PET/CT affects staging and management of non-small cell lung cancer

John Millstine, MD

John Millstine, MD

In recent years, the development of hybrid positron emission tomography-computed tomography (PET/CT) machines that combine functional and structural imaging information for staging nonsmall cell lung cancer has significantly improved initial staging and produced changes in management that have been associated with better overall survival.

In a recent prospective study published in the Journal of Nuclear Medicine, PET/CT changed management in 69 of 168 patients (41.1 percent). In a study of 76 patients published in Radiotherapy and Oncology earlier this year, survival for stage IIIA who had curative radiotherapy based on PET/CT was greater than 30 percent at four years.

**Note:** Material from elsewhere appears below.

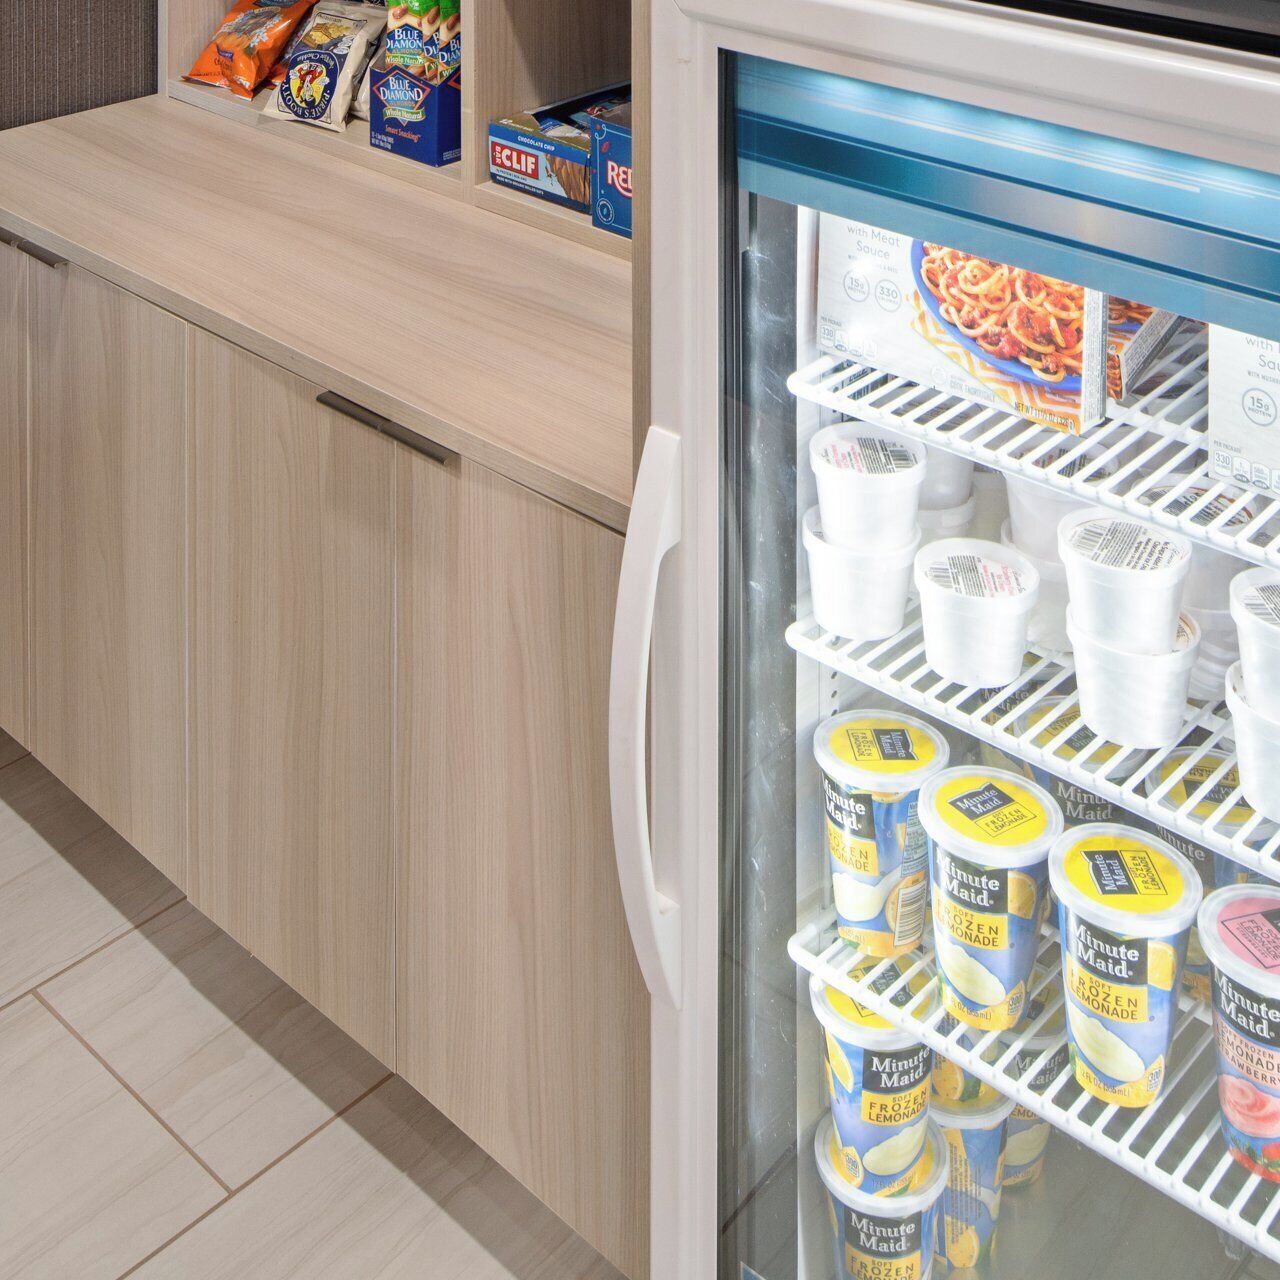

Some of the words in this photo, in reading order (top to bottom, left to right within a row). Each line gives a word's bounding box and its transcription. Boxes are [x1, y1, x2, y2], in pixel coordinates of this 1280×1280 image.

The experience at Scottsdale Medical Imaging (SMIL) mirrors data in the literature, says John Millstine, MD, a radiologist at SMIL.

“If you look at the data, [PET/CT] upstages patients relative to CT about 40 to 50 percent of the time, and it downstages them about 10 percent of the time. In that regard, PET/CT significantly influences management.”

The data show that PET/CT probably cuts down on the number of unnecessary thoracotomies by about 20 percent, Millstine says, which translates into a significant improvement in quality of life.

DIGGING DEEPER

Sensitivity and specificity in determining metastatic disease is superior with PET/CT, Millstine says.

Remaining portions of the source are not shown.